*** Opening of DATA EXCERPTS ***

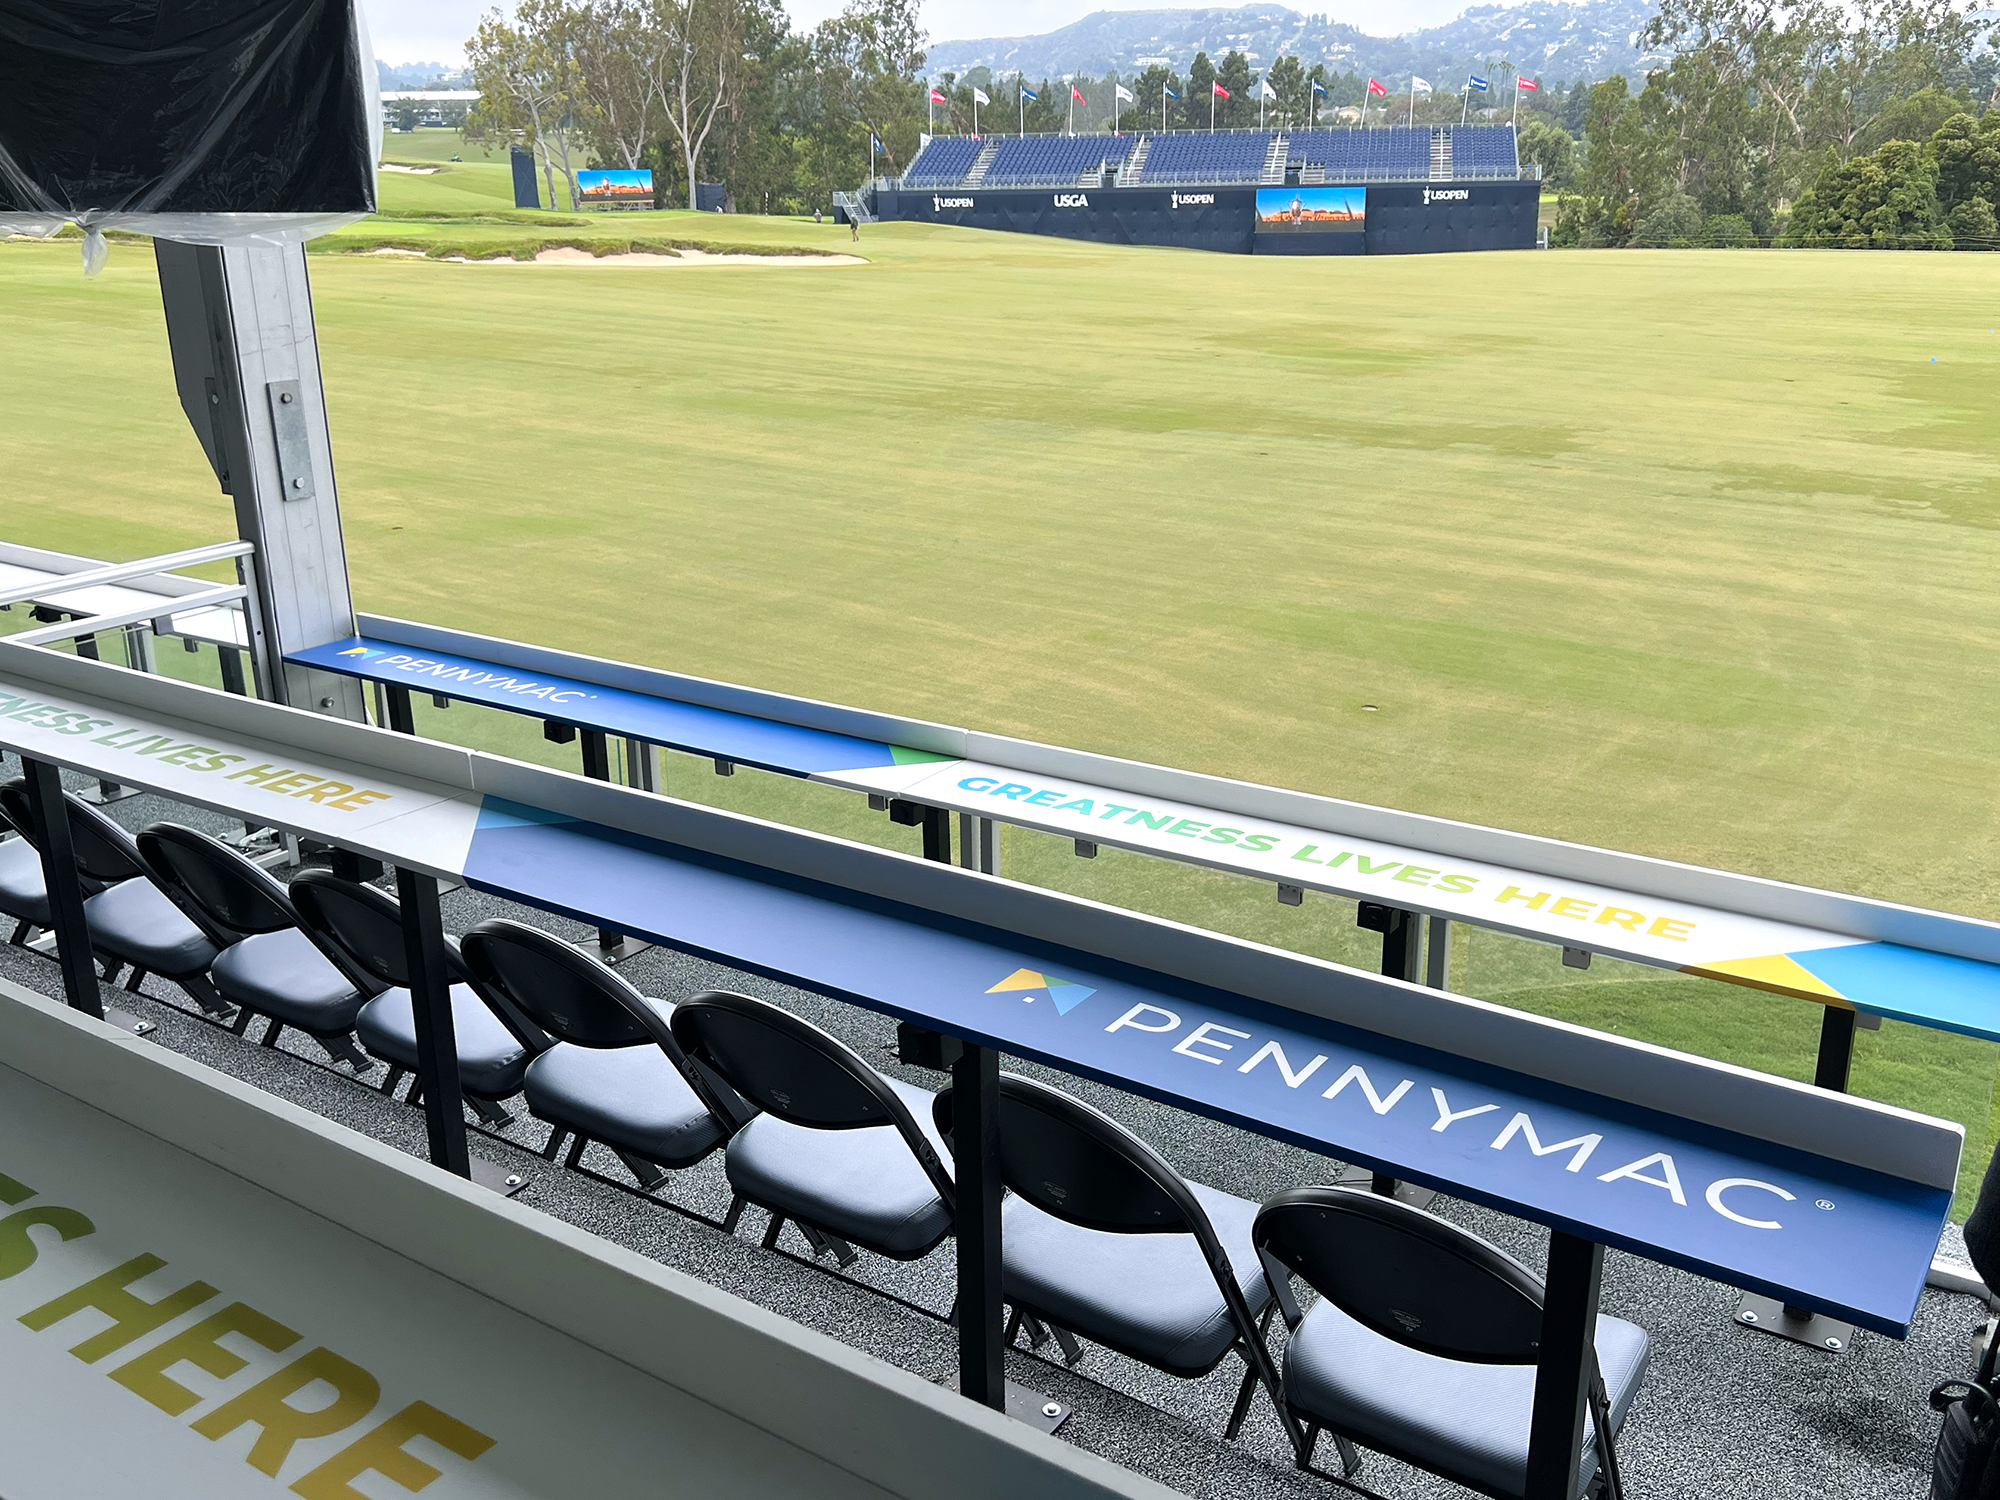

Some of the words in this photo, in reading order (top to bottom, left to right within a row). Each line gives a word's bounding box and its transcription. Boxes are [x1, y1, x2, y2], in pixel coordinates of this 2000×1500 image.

[1053, 194, 1089, 207] USGA
[375, 655, 587, 703] PENNYMAC
[90, 728, 248, 772] LIVES
[224, 763, 393, 812] HERE
[957, 775, 1282, 852] GREATNESS
[1290, 845, 1485, 894] LIVES
[1494, 884, 1699, 942] HERE
[1103, 1002, 1798, 1231] PENNYMAC
[16, 1252, 498, 1500] HERE
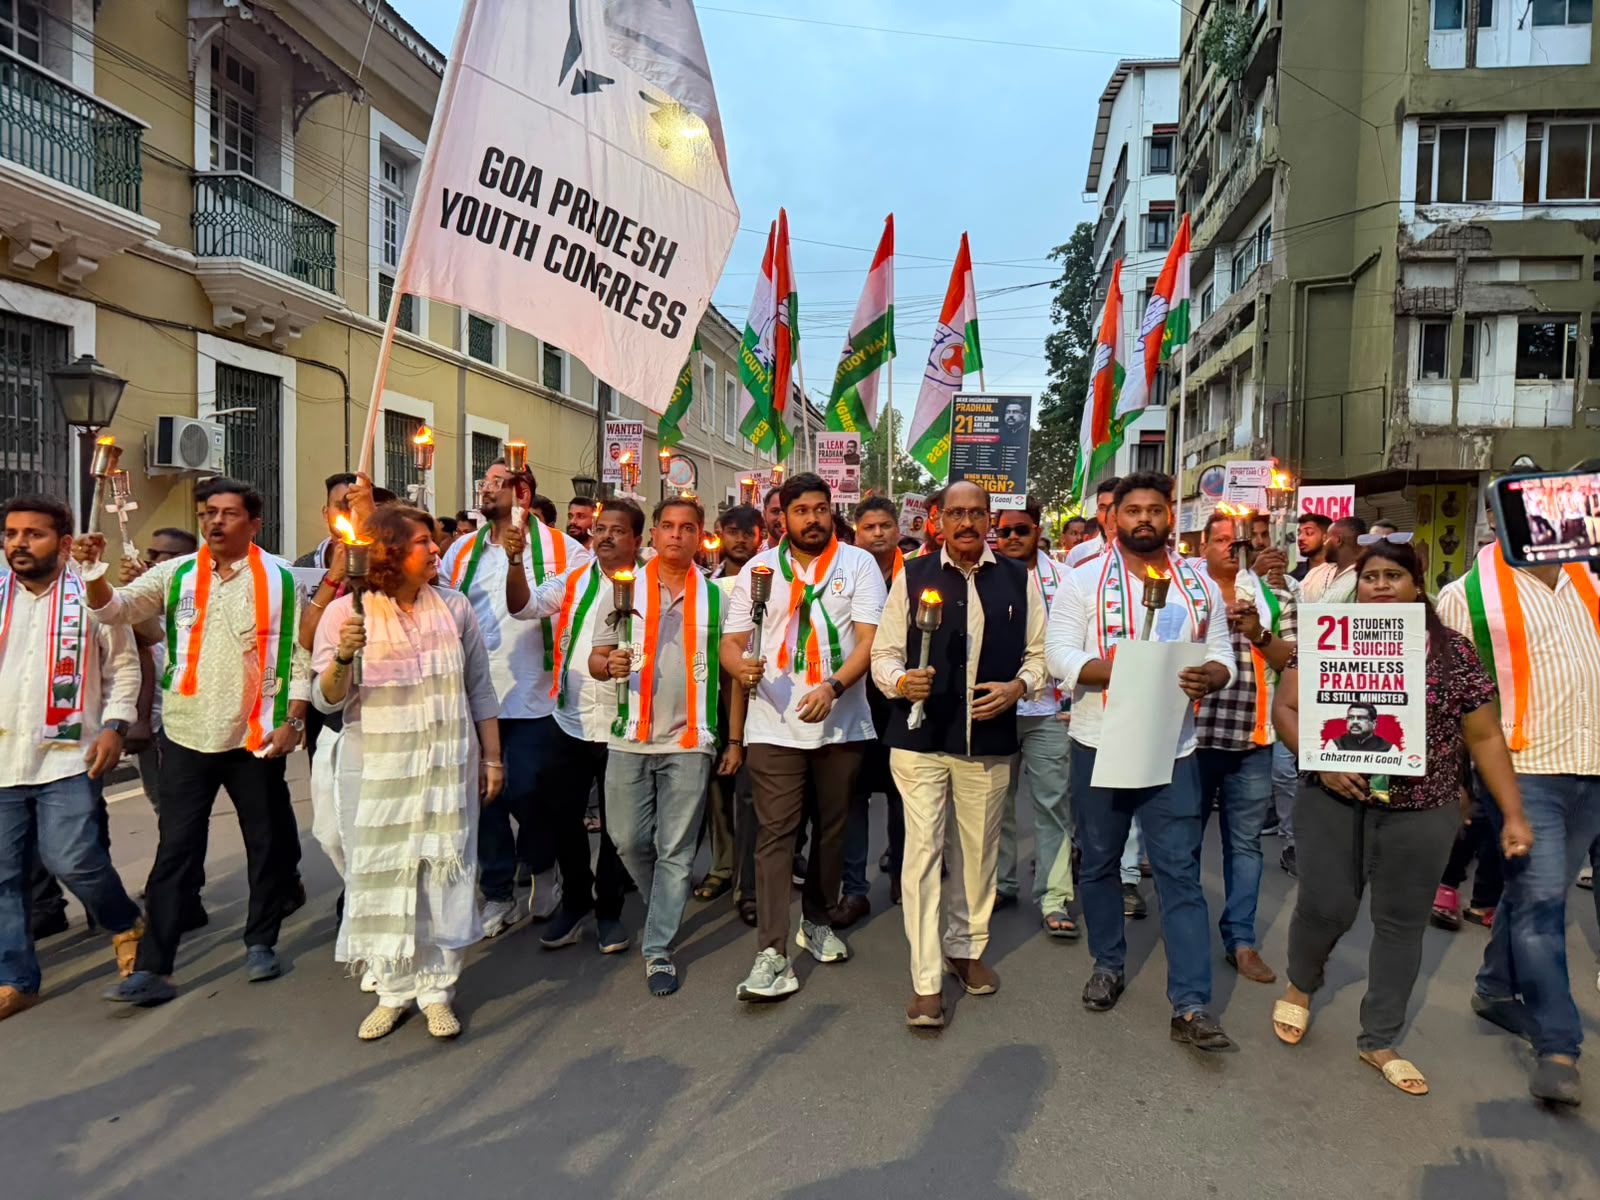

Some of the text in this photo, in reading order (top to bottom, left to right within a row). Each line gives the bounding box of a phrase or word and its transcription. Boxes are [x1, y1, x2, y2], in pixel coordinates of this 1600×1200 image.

[478, 146, 679, 280] GOA PRADESH
[439, 187, 688, 340] YOUTH CONGRESS
[606, 423, 642, 434] WANTED
[954, 415, 973, 433] 21
[827, 440, 844, 450] LEAK
[1301, 495, 1352, 522] SACK
[1353, 618, 1404, 630] STUDENTS
[1317, 615, 1349, 650] 21
[1353, 630, 1404, 641] COMMITTED
[1353, 641, 1404, 656] SUICIDE
[1320, 661, 1404, 673] SHAMELESS
[1320, 673, 1405, 691] PRADHAN
[1321, 692, 1405, 704] IS STILL MINISTER
[1320, 752, 1402, 766] Chhatron Ki Goonj
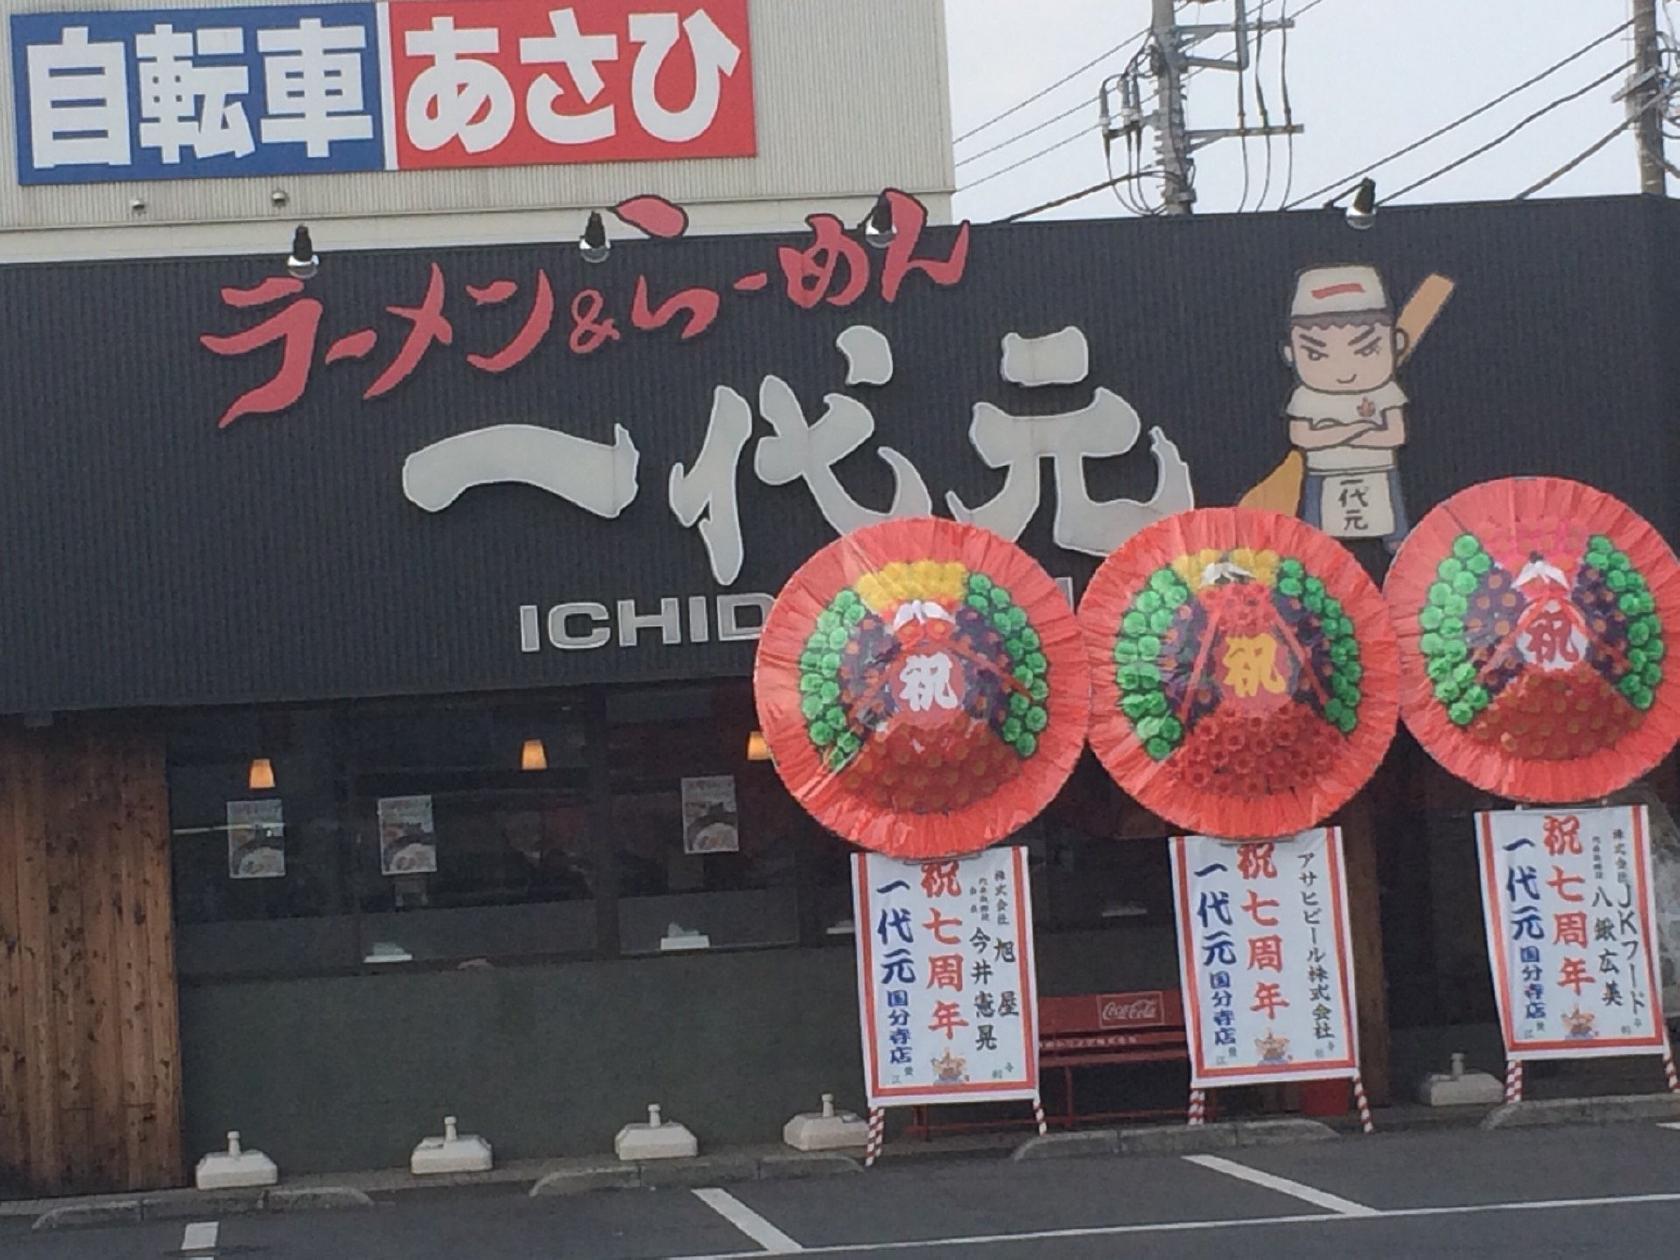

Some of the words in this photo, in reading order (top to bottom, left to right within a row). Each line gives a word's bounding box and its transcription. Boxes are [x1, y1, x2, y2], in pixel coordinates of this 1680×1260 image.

[26, 17, 374, 170] 自転車
[404, 7, 742, 154] あさひ
[401, 323, 1195, 587] 一代元
[1338, 478, 1369, 531] 一代元
[519, 592, 777, 652] ICHID
[1524, 607, 1580, 663] 祝
[899, 651, 958, 712] 祝
[1223, 632, 1286, 698] 祝
[1542, 814, 1597, 997] 祝七周年

*** Close of DATA EXCERPTS ***

» WHAT YOU WILL DO: All lines from the one containing "this 1680×1260 image." through the last line of the data must be set down exactly. No other lines belong in the answer.

» ANSWER SECTION:
Some of the words in this photo, in reading order (top to bottom, left to right within a row). Each line gives a word's bounding box and its transcription. Boxes are [x1, y1, x2, y2], in pixel coordinates of this 1680×1260 image.

[26, 17, 374, 170] 自転車
[404, 7, 742, 154] あさひ
[401, 323, 1195, 587] 一代元
[1338, 478, 1369, 531] 一代元
[519, 592, 777, 652] ICHID
[1524, 607, 1580, 663] 祝
[899, 651, 958, 712] 祝
[1223, 632, 1286, 698] 祝
[1542, 814, 1597, 997] 祝七周年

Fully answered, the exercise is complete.